RECORDS FOR THE TASK:
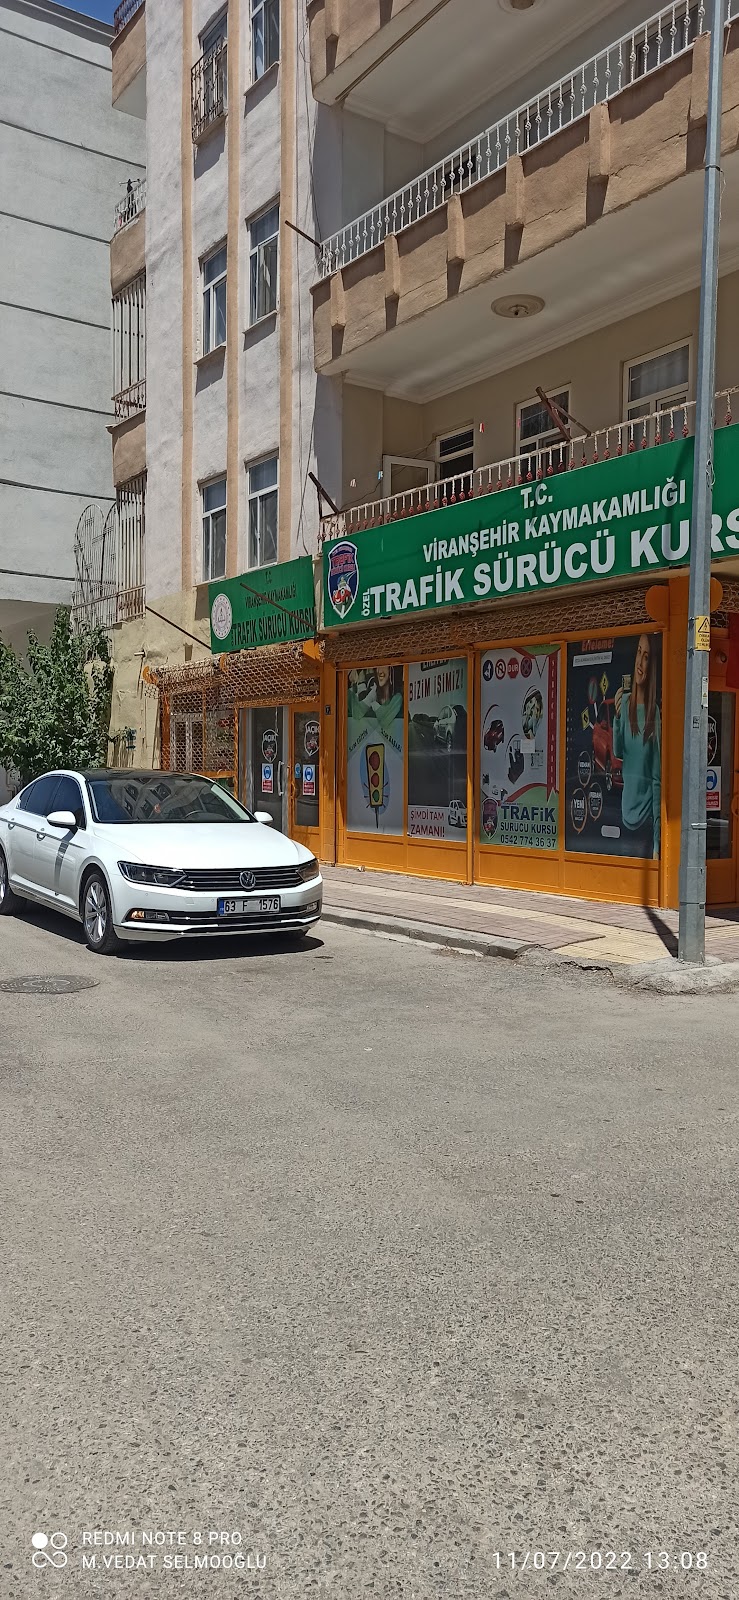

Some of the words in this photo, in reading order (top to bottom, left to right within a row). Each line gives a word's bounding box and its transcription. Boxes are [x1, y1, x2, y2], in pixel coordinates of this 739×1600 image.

[520, 482, 553, 509] T.C.
[423, 519, 520, 563] VİRANŞEHİR
[525, 476, 686, 540] KAYMAKAMLIĞI
[369, 565, 465, 614] TRAFİK
[473, 528, 616, 596] SÜRÜCÜ
[361, 588, 370, 617] ÖZEL
[410, 808, 429, 821] ŞİMDİ
[429, 811, 445, 821] TAM
[410, 824, 445, 838] ZAMANI!
[531, 823, 557, 835] KURSU
[500, 834, 518, 845] 0542
[519, 835, 534, 846] 774
[535, 837, 545, 848] 36
[546, 838, 557, 848] 37
[225, 900, 236, 912] 63
[242, 900, 248, 911] F
[258, 898, 279, 911] 1576
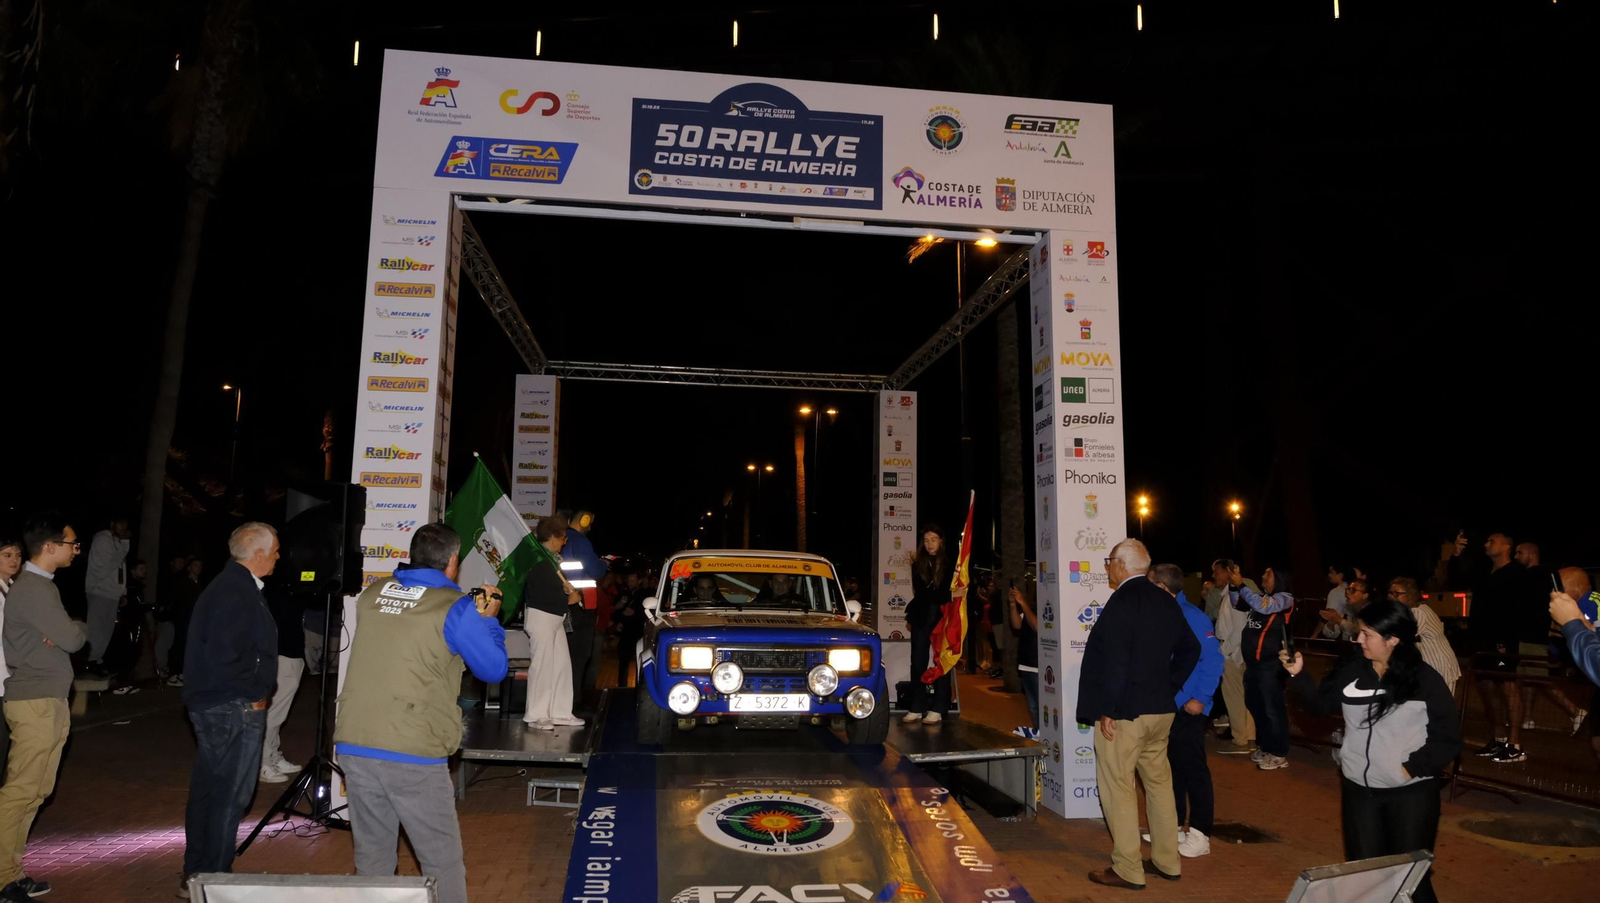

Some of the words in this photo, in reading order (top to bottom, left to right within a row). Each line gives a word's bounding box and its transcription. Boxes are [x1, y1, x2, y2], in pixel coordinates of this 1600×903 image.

[567, 102, 590, 110] Consejo
[655, 123, 704, 149] 50
[706, 127, 860, 159] RALLYE
[489, 144, 560, 160] CERA
[654, 152, 725, 168] COSTA
[729, 156, 756, 171] DE
[761, 160, 857, 177] ALMERÍA
[502, 166, 546, 178] Recalvi
[928, 181, 965, 193] COSTA
[967, 184, 982, 194] DE
[916, 193, 983, 209] ALMERÍA
[1022, 190, 1095, 204] DIPUTACIÓN
[1023, 202, 1038, 212] DE
[1041, 201, 1093, 215] ALMERÍA
[380, 258, 434, 271] Rallycar
[386, 285, 423, 294] Recalvi
[373, 352, 428, 365] Rallycar
[1061, 351, 1113, 366] MOYA
[379, 380, 417, 389] Recalvi
[1062, 412, 1115, 427] gasolia
[366, 447, 422, 460] Rallycar
[372, 475, 410, 485] Recalvi
[1065, 469, 1116, 484] Phonika
[883, 491, 913, 500] gasolia
[884, 523, 913, 532] Phonika
[670, 563, 692, 580] 54
[375, 597, 417, 608] FOTO/TV
[379, 605, 402, 615] 2025
[734, 696, 742, 709] Z
[755, 697, 788, 709] 5372
[798, 696, 805, 708] K
[707, 795, 793, 816] AUTOMOVIL
[803, 799, 839, 816] CLUB
[739, 843, 825, 853] ALMERIA
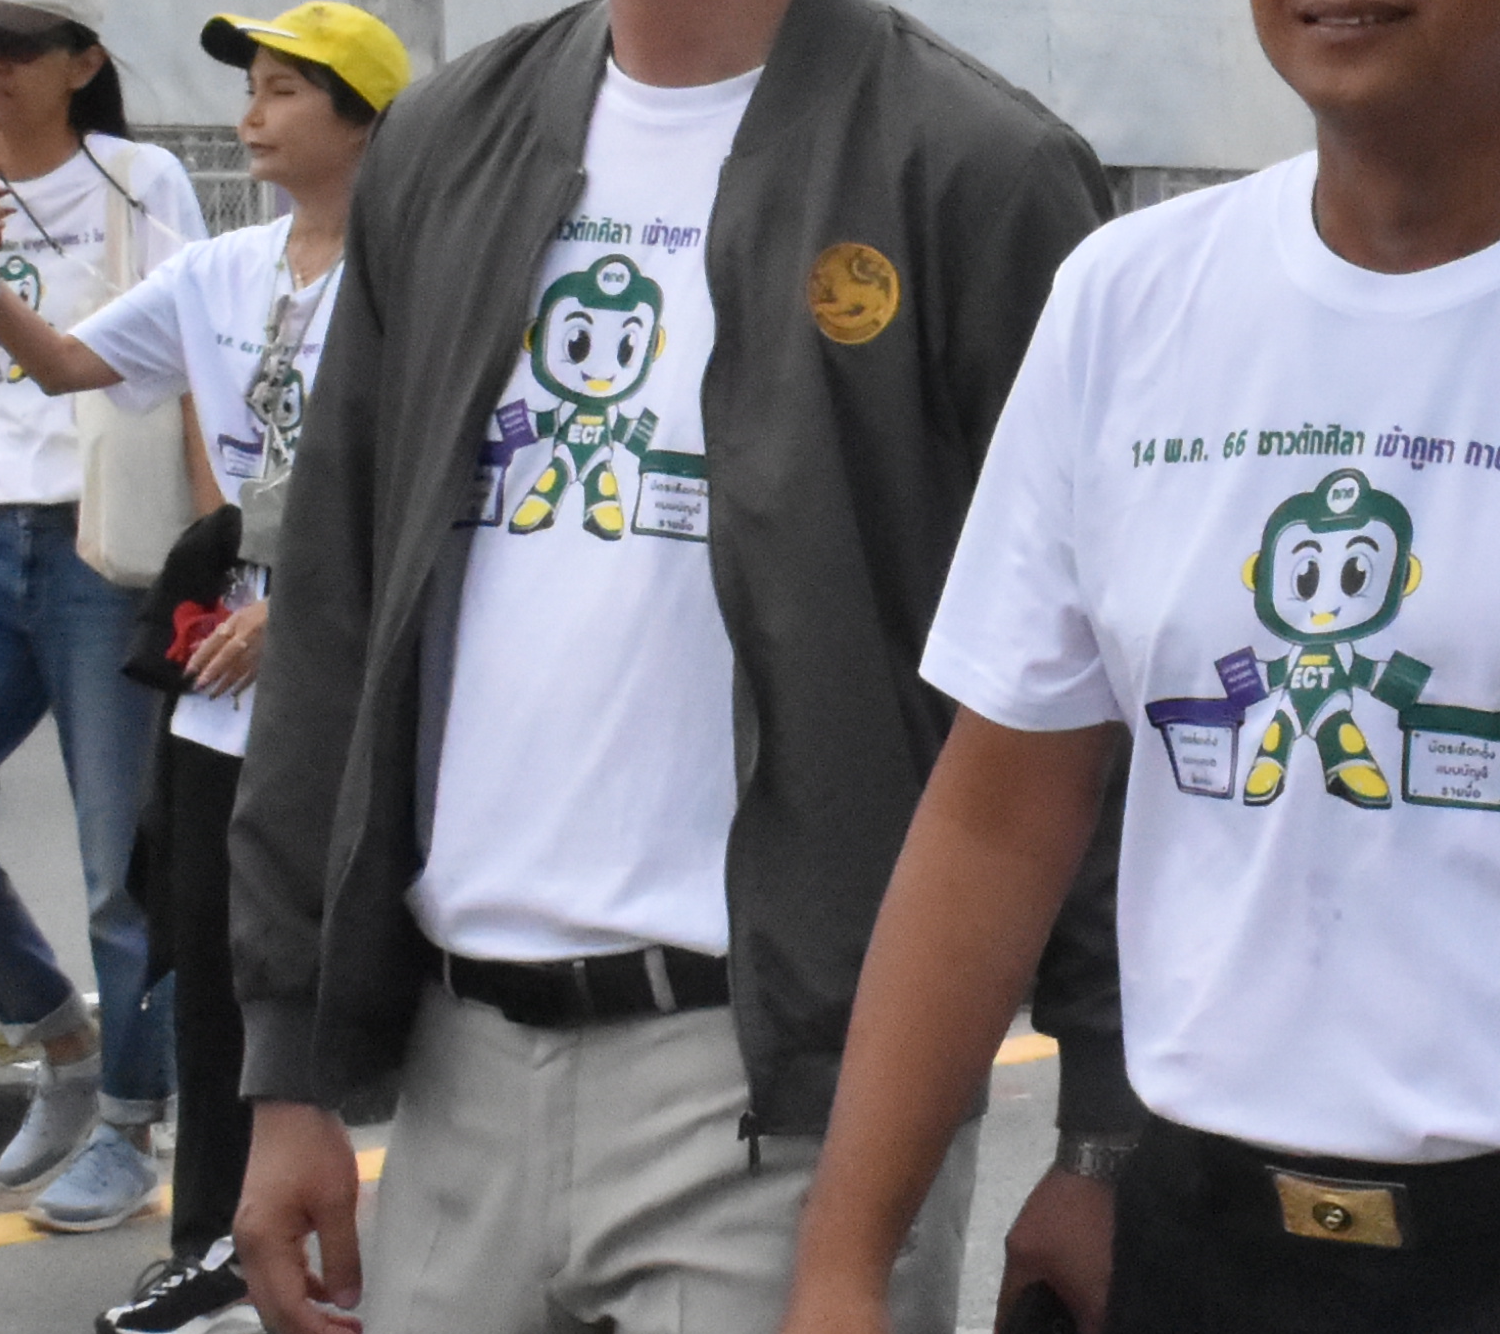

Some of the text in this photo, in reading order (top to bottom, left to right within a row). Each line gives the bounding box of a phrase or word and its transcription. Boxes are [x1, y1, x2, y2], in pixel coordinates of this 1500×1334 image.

[556, 214, 701, 254] าวตักศิลา เข้าคูหา
[567, 424, 606, 445] ECT
[1131, 438, 1157, 468] 14
[1163, 437, 1209, 464] พ.ค.
[1222, 429, 1248, 460] 66
[1257, 422, 1366, 457] ชาวตักศิลา
[1374, 424, 1456, 472] เข้าคูหา
[1290, 666, 1334, 689] ECT

EXERCISE PROMPT: Would you write each entry out again exactly, omitting the images?

RESULT FOR THIS EXERCISE:
Some of the words in this photo, in reading order (top to bottom, left to right within a row). Each line gives a word's bounding box and its transcription. Boxes are [x1, y1, x2, y2], in pixel coordinates of this 739×1600 image.

[520, 482, 553, 509] T.C.
[423, 519, 520, 563] VİRANŞEHİR
[525, 476, 686, 540] KAYMAKAMLIĞI
[369, 565, 465, 614] TRAFİK
[473, 528, 616, 596] SÜRÜCÜ
[361, 588, 370, 617] ÖZEL
[410, 808, 429, 821] ŞİMDİ
[429, 811, 445, 821] TAM
[410, 824, 445, 838] ZAMANI!
[531, 823, 557, 835] KURSU
[500, 834, 518, 845] 0542
[519, 835, 534, 846] 774
[535, 837, 545, 848] 36
[546, 838, 557, 848] 37
[225, 900, 236, 912] 63
[242, 900, 248, 911] F
[258, 898, 279, 911] 1576

Some of the words in this photo, in reading order (top to bottom, left to right within a row). Each line gives a word's bounding box and its transcription. Boxes are [x1, y1, x2, y2], in pixel coordinates of this 1600×903 image.

[567, 102, 590, 110] Consejo
[655, 123, 704, 149] 50
[706, 127, 860, 159] RALLYE
[489, 144, 560, 160] CERA
[654, 152, 725, 168] COSTA
[729, 156, 756, 171] DE
[761, 160, 857, 177] ALMERÍA
[502, 166, 546, 178] Recalvi
[928, 181, 965, 193] COSTA
[967, 184, 982, 194] DE
[916, 193, 983, 209] ALMERÍA
[1022, 190, 1095, 204] DIPUTACIÓN
[1023, 202, 1038, 212] DE
[1041, 201, 1093, 215] ALMERÍA
[380, 258, 434, 271] Rallycar
[386, 285, 423, 294] Recalvi
[373, 352, 428, 365] Rallycar
[1061, 351, 1113, 366] MOYA
[379, 380, 417, 389] Recalvi
[1062, 412, 1115, 427] gasolia
[366, 447, 422, 460] Rallycar
[372, 475, 410, 485] Recalvi
[1065, 469, 1116, 484] Phonika
[883, 491, 913, 500] gasolia
[884, 523, 913, 532] Phonika
[670, 563, 692, 580] 54
[375, 597, 417, 608] FOTO/TV
[379, 605, 402, 615] 2025
[734, 696, 742, 709] Z
[755, 697, 788, 709] 5372
[798, 696, 805, 708] K
[707, 795, 793, 816] AUTOMOVIL
[803, 799, 839, 816] CLUB
[739, 843, 825, 853] ALMERIA

Some of the text in this photo, in reading order (top to bottom, left to right within a row). Each line gives the bounding box of a phrase or word and its transcription. Boxes are [x1, y1, x2, y2], in pixel coordinates of this 1500×1334 image.

[556, 214, 701, 254] าวตักศิลา เข้าคูหา
[567, 424, 606, 445] ECT
[1131, 438, 1157, 468] 14
[1163, 437, 1209, 464] พ.ค.
[1222, 429, 1248, 460] 66
[1257, 422, 1366, 457] ชาวตักศิลา
[1374, 424, 1456, 472] เข้าคูหา
[1290, 666, 1334, 689] ECT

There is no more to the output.